About

Gesine Meyer-Rath is a Research Professor at the Department of Global Health at Boston University School of Public Health. She is a physician and health economist working on the economics of HIV, TB, and COVID-19 in low- and middle-income countries. Her focus lies on modeling methods for economic evaluation, including infectious disease modeling and decision analysis, and translating research into recommendations for public policy. She holds a PhD in Health Economics from the London School of Hygiene and Tropical Medicine and an MD/PhD in Physiology from Free University Berlin. Before joining BUSPH, she worked in the Pediatrics Department of Charité University Hospital Berlin, at the World Health Organization, and at the London School of Hygiene and Tropical Medicine.

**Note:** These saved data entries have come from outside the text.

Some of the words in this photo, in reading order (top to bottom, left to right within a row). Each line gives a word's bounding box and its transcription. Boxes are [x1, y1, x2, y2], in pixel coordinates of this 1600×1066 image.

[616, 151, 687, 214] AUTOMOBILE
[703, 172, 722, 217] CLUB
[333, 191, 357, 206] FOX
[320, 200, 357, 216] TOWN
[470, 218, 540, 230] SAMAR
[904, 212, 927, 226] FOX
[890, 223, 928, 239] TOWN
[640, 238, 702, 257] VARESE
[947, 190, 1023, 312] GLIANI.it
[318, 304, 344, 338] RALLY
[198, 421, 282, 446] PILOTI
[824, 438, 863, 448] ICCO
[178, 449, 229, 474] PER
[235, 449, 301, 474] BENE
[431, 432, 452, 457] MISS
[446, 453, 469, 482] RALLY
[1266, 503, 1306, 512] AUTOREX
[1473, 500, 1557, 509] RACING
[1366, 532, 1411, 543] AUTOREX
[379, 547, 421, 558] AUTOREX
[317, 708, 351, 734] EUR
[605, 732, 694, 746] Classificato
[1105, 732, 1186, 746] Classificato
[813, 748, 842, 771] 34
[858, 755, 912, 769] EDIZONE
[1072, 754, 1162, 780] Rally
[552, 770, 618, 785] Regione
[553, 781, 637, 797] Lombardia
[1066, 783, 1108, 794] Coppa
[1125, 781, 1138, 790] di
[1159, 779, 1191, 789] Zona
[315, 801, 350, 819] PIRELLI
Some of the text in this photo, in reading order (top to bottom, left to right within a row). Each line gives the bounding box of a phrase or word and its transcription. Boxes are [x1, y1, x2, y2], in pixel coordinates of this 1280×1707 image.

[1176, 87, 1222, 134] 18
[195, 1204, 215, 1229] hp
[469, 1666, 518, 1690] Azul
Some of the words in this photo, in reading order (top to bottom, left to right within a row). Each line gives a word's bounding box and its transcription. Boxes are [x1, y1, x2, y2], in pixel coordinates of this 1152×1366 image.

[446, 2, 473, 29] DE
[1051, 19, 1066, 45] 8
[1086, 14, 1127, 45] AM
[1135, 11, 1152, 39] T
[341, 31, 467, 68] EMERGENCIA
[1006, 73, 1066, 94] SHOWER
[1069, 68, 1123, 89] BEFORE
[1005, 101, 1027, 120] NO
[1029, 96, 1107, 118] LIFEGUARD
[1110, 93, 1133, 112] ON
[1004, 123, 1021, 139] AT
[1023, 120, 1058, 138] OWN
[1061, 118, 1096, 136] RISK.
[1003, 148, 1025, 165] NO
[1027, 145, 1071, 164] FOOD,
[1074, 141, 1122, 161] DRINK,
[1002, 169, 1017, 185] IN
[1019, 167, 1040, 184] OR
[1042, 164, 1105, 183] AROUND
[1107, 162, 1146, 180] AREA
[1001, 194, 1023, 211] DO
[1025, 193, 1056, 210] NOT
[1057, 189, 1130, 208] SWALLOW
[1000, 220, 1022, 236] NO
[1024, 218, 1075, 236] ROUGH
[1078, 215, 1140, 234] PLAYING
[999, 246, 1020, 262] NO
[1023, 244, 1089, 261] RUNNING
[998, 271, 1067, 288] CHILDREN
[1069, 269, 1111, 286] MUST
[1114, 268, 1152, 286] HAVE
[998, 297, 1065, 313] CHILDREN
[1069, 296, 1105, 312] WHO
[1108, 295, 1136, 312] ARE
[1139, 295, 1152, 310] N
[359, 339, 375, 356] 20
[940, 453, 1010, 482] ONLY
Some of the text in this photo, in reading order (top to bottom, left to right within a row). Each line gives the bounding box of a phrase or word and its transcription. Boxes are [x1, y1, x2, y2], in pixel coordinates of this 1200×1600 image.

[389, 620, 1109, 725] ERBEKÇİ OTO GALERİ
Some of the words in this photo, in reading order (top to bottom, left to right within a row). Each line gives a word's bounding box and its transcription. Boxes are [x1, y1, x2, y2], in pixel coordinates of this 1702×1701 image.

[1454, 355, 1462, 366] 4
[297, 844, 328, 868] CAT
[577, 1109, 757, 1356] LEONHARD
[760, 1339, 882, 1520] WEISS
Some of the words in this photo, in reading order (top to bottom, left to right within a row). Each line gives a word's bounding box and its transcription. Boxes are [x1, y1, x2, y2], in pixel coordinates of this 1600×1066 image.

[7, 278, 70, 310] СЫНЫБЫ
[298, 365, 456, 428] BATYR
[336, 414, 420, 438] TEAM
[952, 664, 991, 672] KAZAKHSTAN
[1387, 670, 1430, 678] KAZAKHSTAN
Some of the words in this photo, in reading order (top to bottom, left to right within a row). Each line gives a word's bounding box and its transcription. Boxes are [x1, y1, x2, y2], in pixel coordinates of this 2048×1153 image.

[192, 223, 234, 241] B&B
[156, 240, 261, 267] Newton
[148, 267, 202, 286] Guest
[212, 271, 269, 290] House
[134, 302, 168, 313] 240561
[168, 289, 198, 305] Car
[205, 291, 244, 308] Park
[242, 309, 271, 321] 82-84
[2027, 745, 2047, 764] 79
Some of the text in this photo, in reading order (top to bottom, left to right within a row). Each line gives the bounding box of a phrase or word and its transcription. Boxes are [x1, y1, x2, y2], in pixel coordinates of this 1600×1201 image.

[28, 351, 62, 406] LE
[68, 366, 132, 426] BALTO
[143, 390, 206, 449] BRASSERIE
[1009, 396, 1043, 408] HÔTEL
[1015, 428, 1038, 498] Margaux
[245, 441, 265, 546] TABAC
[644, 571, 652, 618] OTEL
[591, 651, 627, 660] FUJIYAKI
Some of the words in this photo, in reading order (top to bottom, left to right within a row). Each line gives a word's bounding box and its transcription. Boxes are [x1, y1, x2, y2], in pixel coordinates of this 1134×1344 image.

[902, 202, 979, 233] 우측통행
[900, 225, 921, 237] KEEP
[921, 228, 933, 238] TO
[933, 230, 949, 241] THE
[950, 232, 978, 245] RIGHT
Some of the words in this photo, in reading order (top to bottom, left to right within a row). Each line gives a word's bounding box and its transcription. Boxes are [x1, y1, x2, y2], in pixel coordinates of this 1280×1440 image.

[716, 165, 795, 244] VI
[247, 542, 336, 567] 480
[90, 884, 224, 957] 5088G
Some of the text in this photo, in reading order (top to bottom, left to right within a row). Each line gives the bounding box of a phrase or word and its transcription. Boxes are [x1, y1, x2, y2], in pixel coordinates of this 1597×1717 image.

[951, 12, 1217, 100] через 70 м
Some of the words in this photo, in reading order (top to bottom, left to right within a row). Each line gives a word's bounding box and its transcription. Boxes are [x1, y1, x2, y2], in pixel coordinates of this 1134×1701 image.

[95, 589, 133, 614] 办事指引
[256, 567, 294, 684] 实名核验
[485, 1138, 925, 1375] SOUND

She is based in Johannesburg, working at the Health Economics and Epidemiology Research Office (HE2RO), a collaboration between Boston University and the University of the Witwatersrand.

Selected publications

• Corrigendum to “A cost-effectiveness analysis of South Africa's COVID-19 vaccination programme” [Vaccine 42(20) (2024) 125988

  Vaccine · 2026-01-07

  articleOpen accessSenior author
  PublisherDOI

• The cost of the plunge: the impact and cost of a cessation of PEPFAR-supported services in South Africa

  AIDS · 2025-06-20 · 9 citations

  articleOpen access1st authorCorresponding

  BACKGROUND: Globally, shifts in United States foreign-aid policy have put HIV funding under duress. South Africa is unique in the region because its HIV program is largely domestically funded, although donor funds and partnerships support key components. We estimated the potential epidemiological impact of ceasing provision of services currently supported by PEPFAR and the costs and cost-effectiveness to the South African government (SAG) of potentially taking over these services. METHODS: We used a costed version of Thembisa, a South African HIV transmission model, to simulate four scenarios: a minimum scenario assuming intervention coverage reducing proportional to PEPFAR's funding share of specific activities in 2023; a maximum scenario assuming additional health system impacts; and sub-scenarios either with 3-year recovery (2029-2031) or no recovery to previous coverage. HIV program costs were estimated from the provider perspective (SAG) in 2024/25 US dollars. RESULTS: Over 2025-2028, discontinuing activities currently funded by PEPFAR in South Africa without replacement by SAG would result in 150 000-296 000 additional new HIV infections (29-56% increase) and 56 000-65 000 additional AIDS-related deaths (33-38%). Permanent discontinuation of currently PEPFAR-supported services over the next 20 years increases this to 1.1-2.1 million additional new HIV infections and 519 000-712 000 additional AIDS-related deaths. Sustaining these services would cost an additional $620 million to $1.4 billion between 2025 and 2028. Under a reduced budget, the most cost-effective interventions to preserve are ART and PrEP for key populations. CONCLUSION: Unmanaged PEPFAR exit from South Africa threatens to undo a decade of progress unless services are taken over by other funders, including SAG.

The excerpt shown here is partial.